Since pictures do not belong in the copy, please repeat every record below exactly without them.
:: Given data
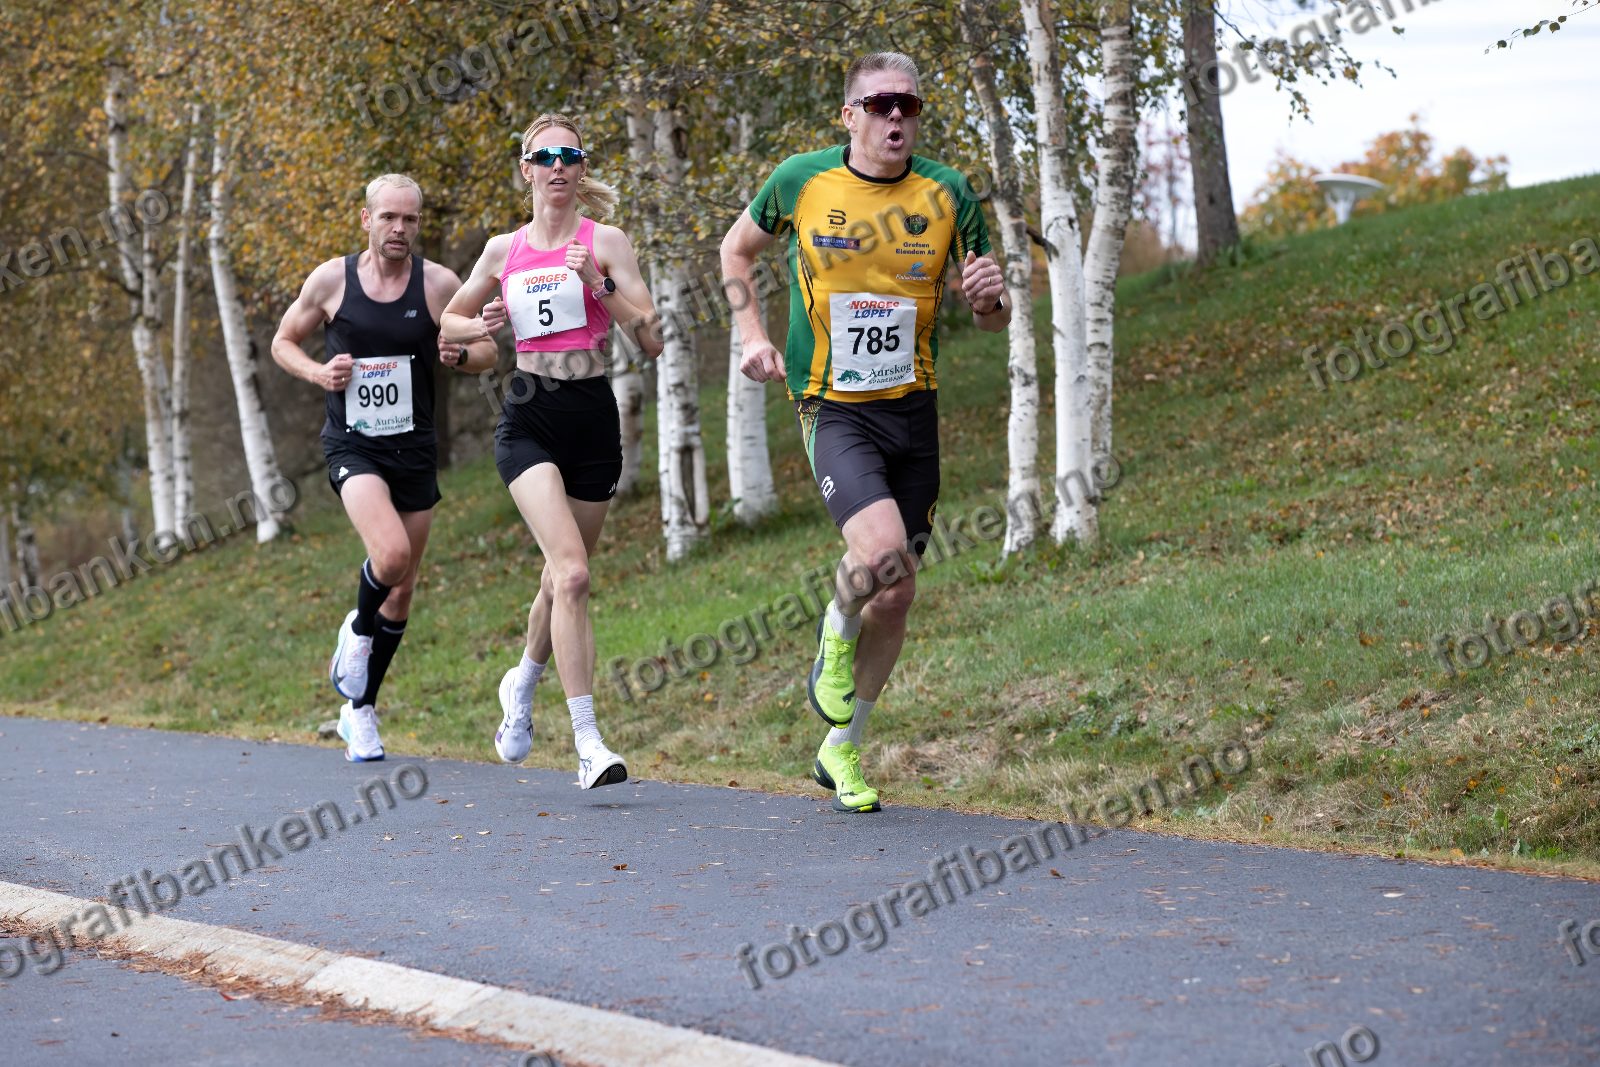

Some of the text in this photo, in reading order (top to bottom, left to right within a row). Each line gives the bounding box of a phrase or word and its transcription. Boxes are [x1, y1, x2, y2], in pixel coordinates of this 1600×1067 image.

[523, 273, 568, 286] NORGES
[526, 282, 561, 294] LØPET
[850, 300, 900, 310] NORGES
[538, 298, 554, 327] 5
[854, 308, 895, 319] LØPET
[847, 324, 900, 356] 785
[359, 361, 399, 372] NORGES
[868, 362, 912, 378] Aurskog
[362, 369, 392, 379] LØPET
[357, 382, 399, 408] 990
[374, 415, 412, 427] Aurskog
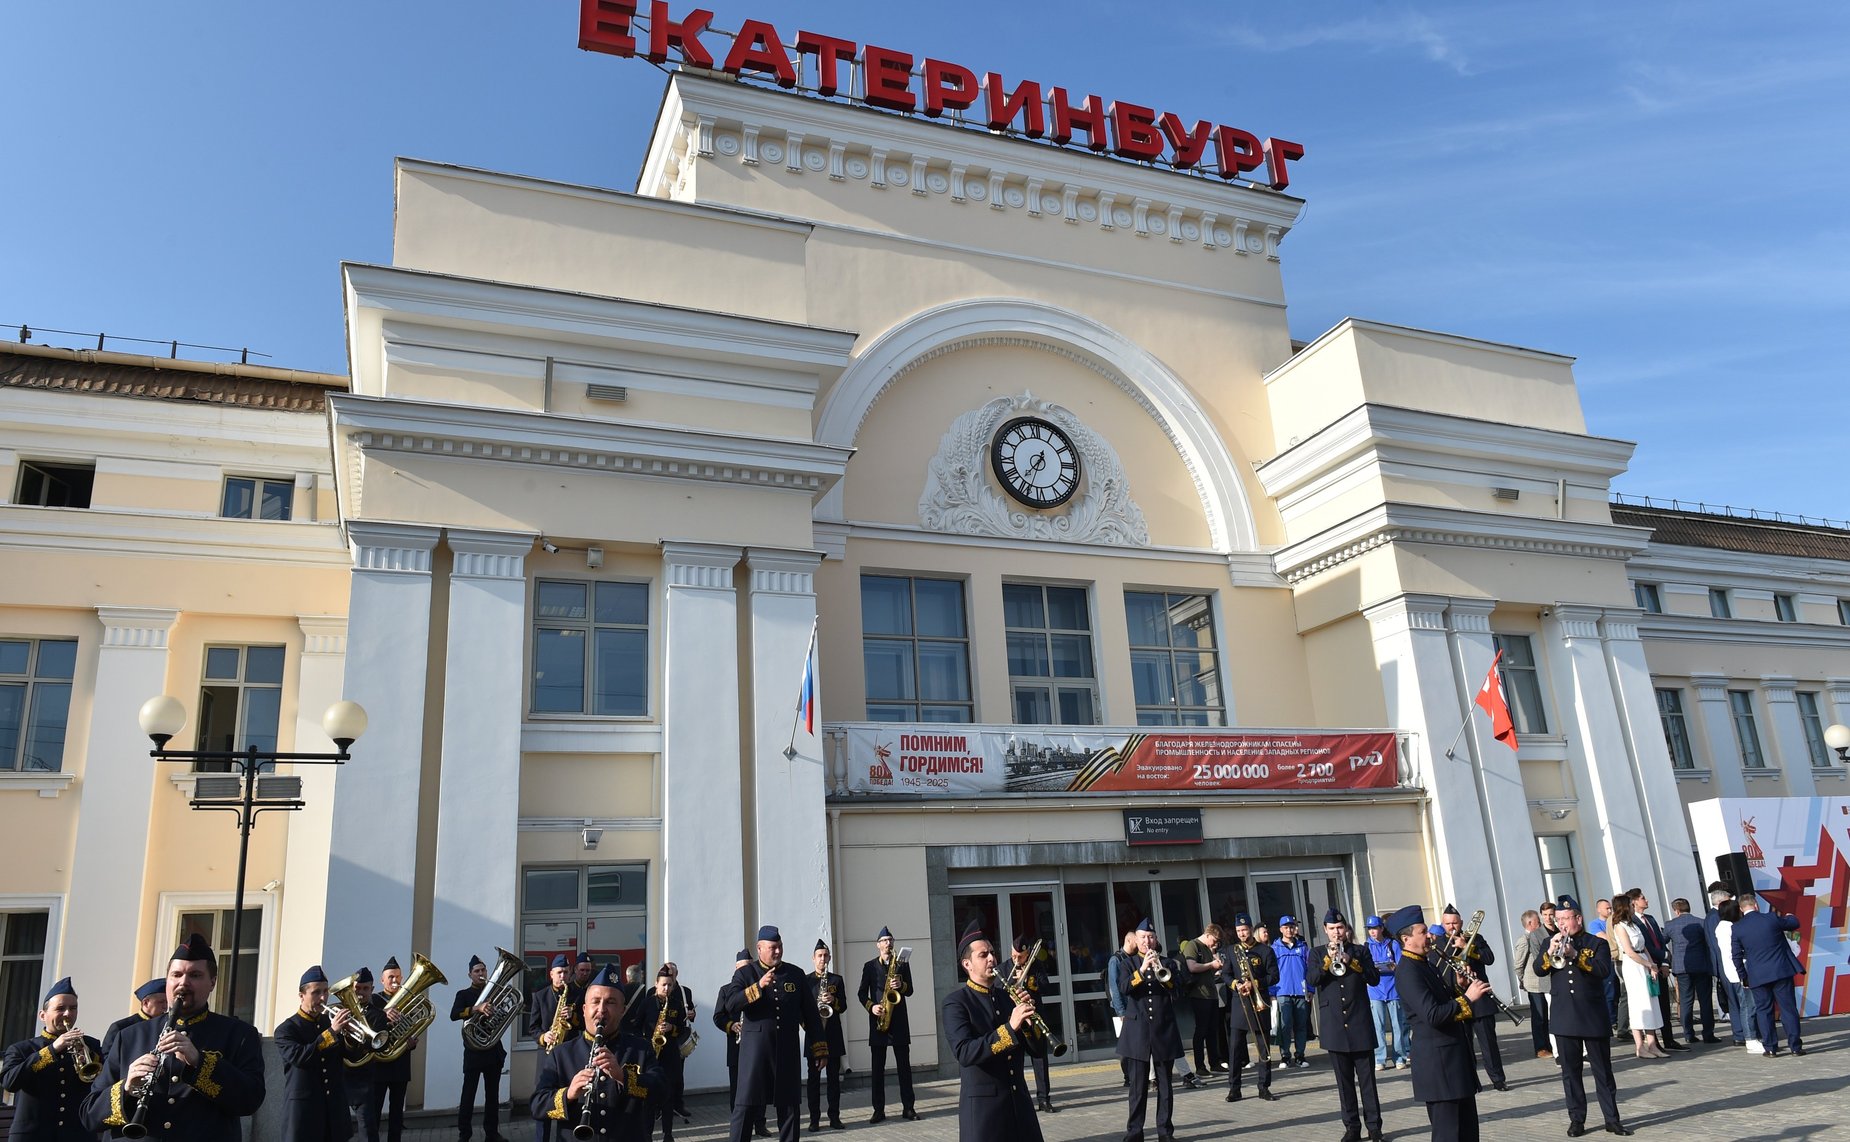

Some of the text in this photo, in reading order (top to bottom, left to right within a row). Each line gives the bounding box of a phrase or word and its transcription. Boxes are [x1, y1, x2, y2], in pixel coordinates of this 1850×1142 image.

[578, 0, 1304, 190] ЕКАТЕРИНБУРГ
[900, 735, 970, 755] ПОМНИМ,
[1155, 740, 1194, 749] БЛАГОДАРЯ
[1227, 748, 1264, 756] НАСЕЛЕНИЕ
[1265, 748, 1299, 756] ЗАПАДНЫХ
[900, 756, 984, 775] ГОРДИМСЯ!
[1136, 764, 1183, 773] Эвакуировано
[869, 765, 882, 778] 80
[869, 778, 893, 786] ПОБЕДА!
[1145, 817, 1199, 825] Вход запрещен
[1748, 860, 1766, 868] ОБЕДА!
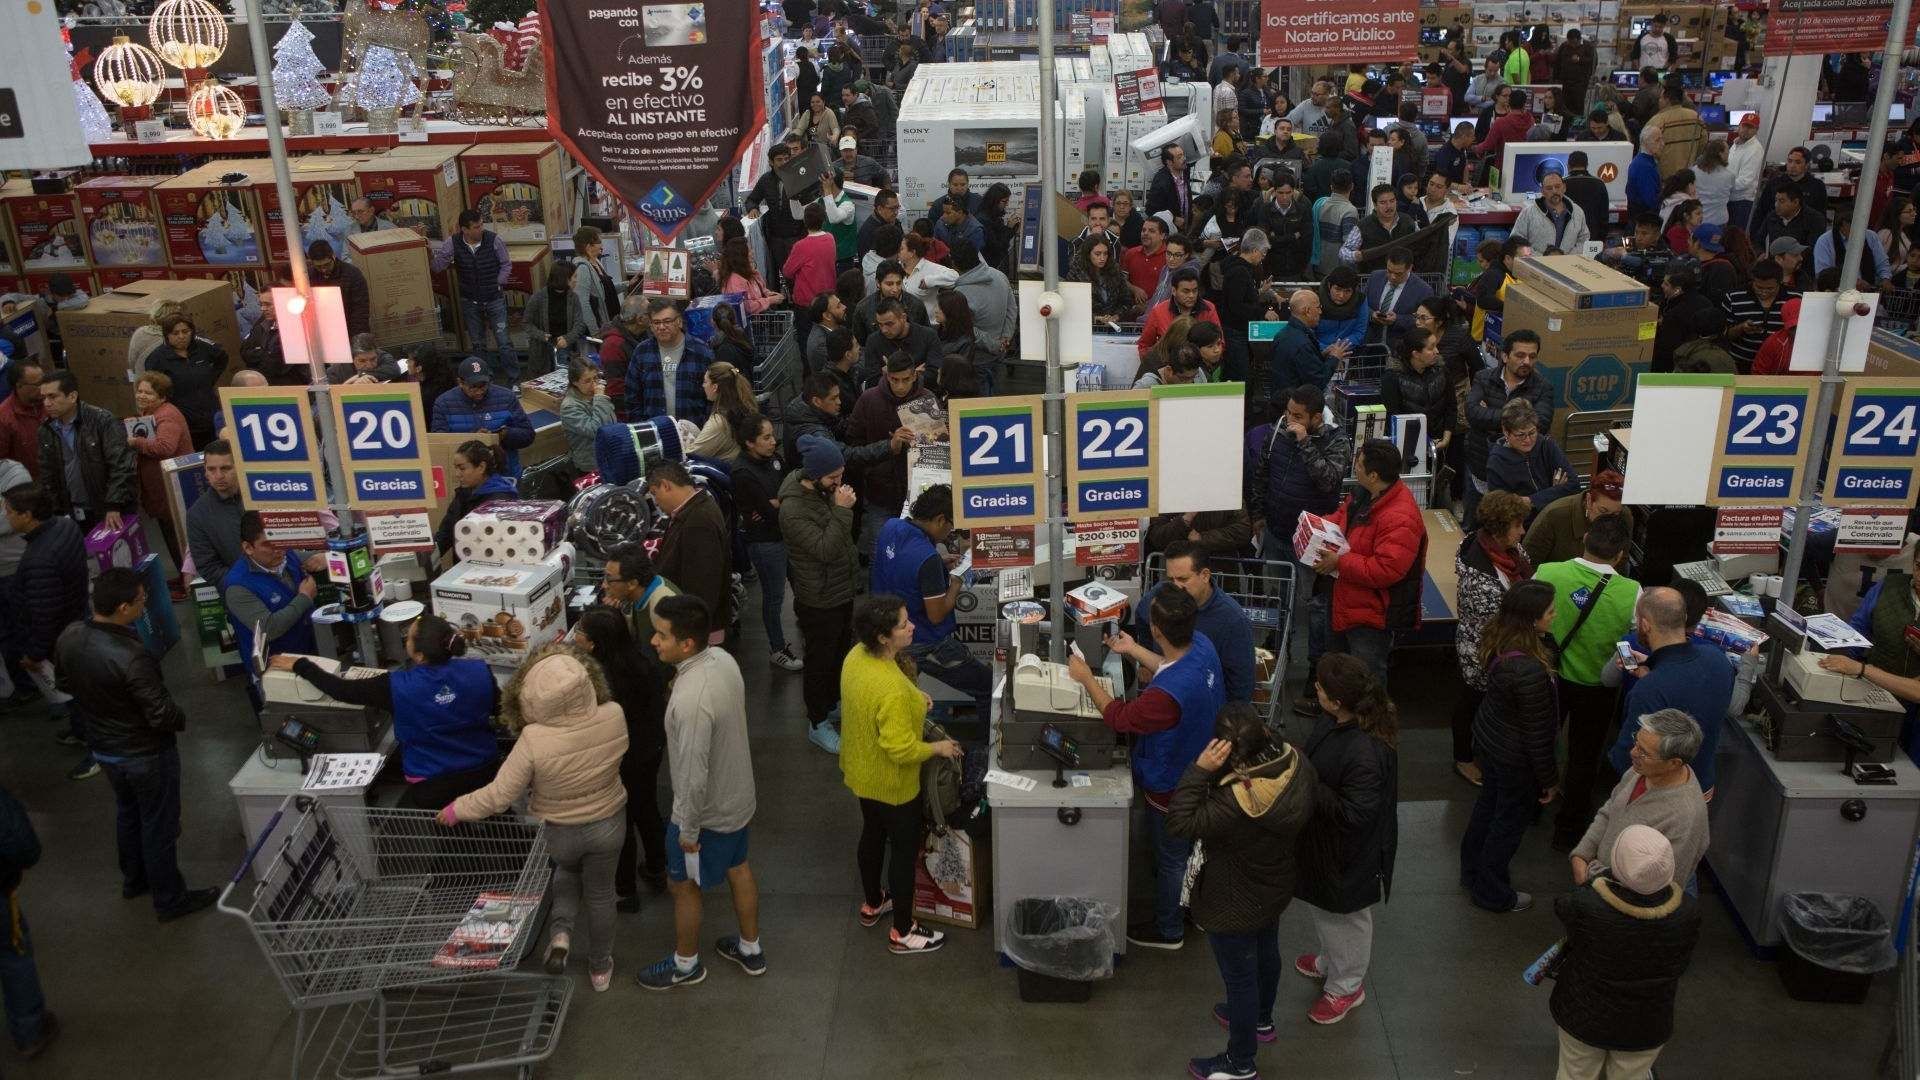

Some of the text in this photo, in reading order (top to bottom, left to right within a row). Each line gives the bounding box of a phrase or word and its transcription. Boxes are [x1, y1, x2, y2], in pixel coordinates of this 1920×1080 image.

[589, 7, 638, 19] pagando
[1267, 10, 1414, 26] los certificamos ante
[619, 19, 639, 27] con
[1286, 28, 1395, 43] Notario Público
[628, 54, 672, 64] Además
[602, 66, 703, 92] recibe 3%
[605, 92, 704, 110] en efectivo
[607, 109, 706, 125] AL INSTANTE
[578, 128, 623, 140] Aceptada
[626, 132, 654, 141] como
[657, 130, 684, 142] pago
[700, 127, 738, 138] efectivo
[1577, 375, 1619, 393] STOP
[1584, 394, 1608, 402] ALTO
[350, 410, 411, 450] 20
[1732, 404, 1798, 444] 23
[1850, 404, 1916, 445] 24
[240, 412, 298, 452] 19
[1083, 416, 1144, 459] 22
[969, 423, 1026, 466] 21
[254, 480, 308, 492] Gracias
[362, 478, 418, 490] Gracias
[1727, 475, 1784, 488] Gracias
[1844, 476, 1902, 488] Gracias
[970, 494, 1027, 508] Gracias
[1086, 488, 1142, 502] Gracias
[383, 529, 422, 538] Consérvalo
[1078, 532, 1105, 542] $200
[1112, 530, 1136, 538] $100
[1850, 530, 1892, 538] Consérvalo
[976, 541, 986, 550] 4
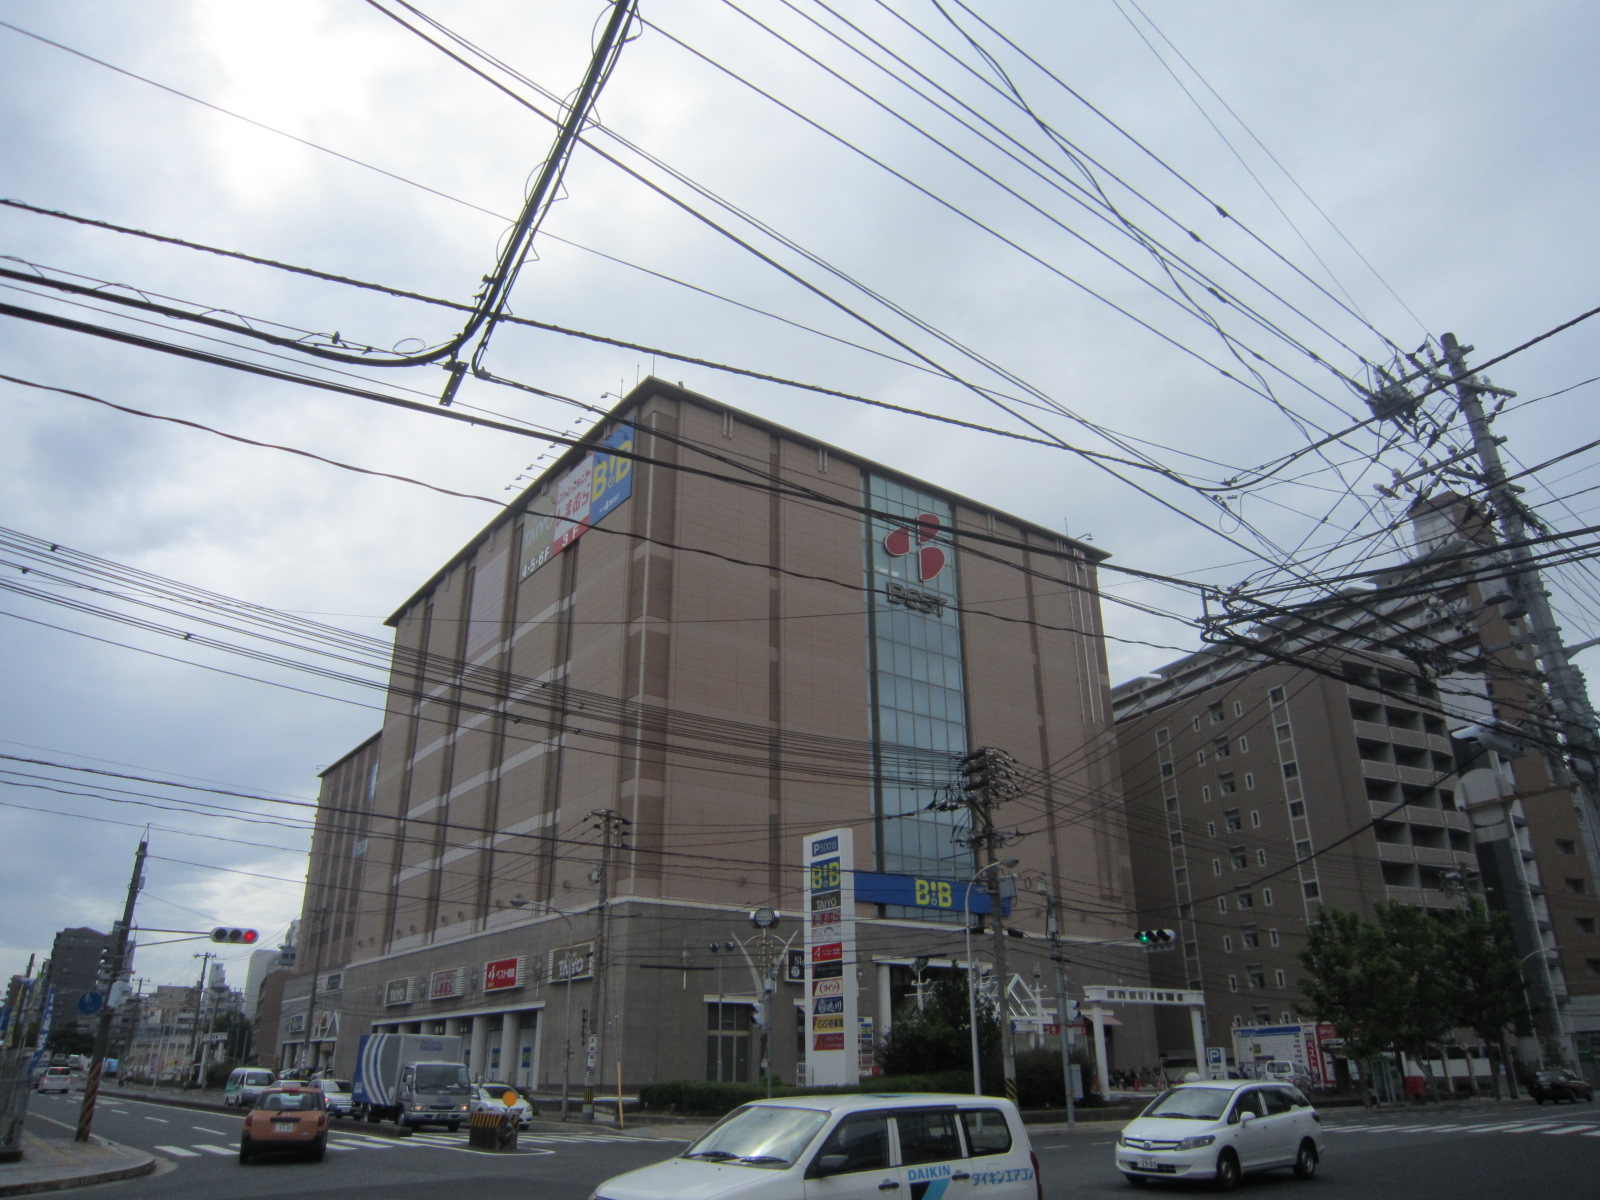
::::
▶ Solution below
Some of the text in this photo, in reading order (top to bottom, left to right within a row). Each line gives the bounding box of a phrase or word and its transcription. Boxes are [x1, y1, x2, y2], in pixel coordinates of this 1600×1067 image.

[523, 273, 568, 286] NORGES
[526, 282, 561, 294] LØPET
[850, 300, 900, 310] NORGES
[538, 298, 554, 327] 5
[854, 308, 895, 319] LØPET
[847, 324, 900, 356] 785
[359, 361, 399, 372] NORGES
[868, 362, 912, 378] Aurskog
[362, 369, 392, 379] LØPET
[357, 382, 399, 408] 990
[374, 415, 412, 427] Aurskog

Some of the text in this photo, in reading order (top to bottom, left to right within a row). Each line gives the bounding box of a phrase or word and its transcription. Boxes are [x1, y1, x2, y2], in pixel coordinates of this 1850×1142 image.

[578, 0, 1304, 190] ЕКАТЕРИНБУРГ
[900, 735, 970, 755] ПОМНИМ,
[1155, 740, 1194, 749] БЛАГОДАРЯ
[1227, 748, 1264, 756] НАСЕЛЕНИЕ
[1265, 748, 1299, 756] ЗАПАДНЫХ
[900, 756, 984, 775] ГОРДИМСЯ!
[1136, 764, 1183, 773] Эвакуировано
[869, 765, 882, 778] 80
[869, 778, 893, 786] ПОБЕДА!
[1145, 817, 1199, 825] Вход запрещен
[1748, 860, 1766, 868] ОБЕДА!

Some of the text in this photo, in reading order (top to bottom, left to right within a row). Each line gives the bounding box of a phrase or word and its transcription. Boxes are [x1, y1, x2, y2], in pixel coordinates of this 1920×1080 image.

[589, 7, 638, 19] pagando
[1267, 10, 1414, 26] los certificamos ante
[619, 19, 639, 27] con
[1286, 28, 1395, 43] Notario Público
[628, 54, 672, 64] Además
[602, 66, 703, 92] recibe 3%
[605, 92, 704, 110] en efectivo
[607, 109, 706, 125] AL INSTANTE
[578, 128, 623, 140] Aceptada
[626, 132, 654, 141] como
[657, 130, 684, 142] pago
[700, 127, 738, 138] efectivo
[1577, 375, 1619, 393] STOP
[1584, 394, 1608, 402] ALTO
[350, 410, 411, 450] 20
[1732, 404, 1798, 444] 23
[1850, 404, 1916, 445] 24
[240, 412, 298, 452] 19
[1083, 416, 1144, 459] 22
[969, 423, 1026, 466] 21
[254, 480, 308, 492] Gracias
[362, 478, 418, 490] Gracias
[1727, 475, 1784, 488] Gracias
[1844, 476, 1902, 488] Gracias
[970, 494, 1027, 508] Gracias
[1086, 488, 1142, 502] Gracias
[383, 529, 422, 538] Consérvalo
[1078, 532, 1105, 542] $200
[1112, 530, 1136, 538] $100
[1850, 530, 1892, 538] Consérvalo
[976, 541, 986, 550] 4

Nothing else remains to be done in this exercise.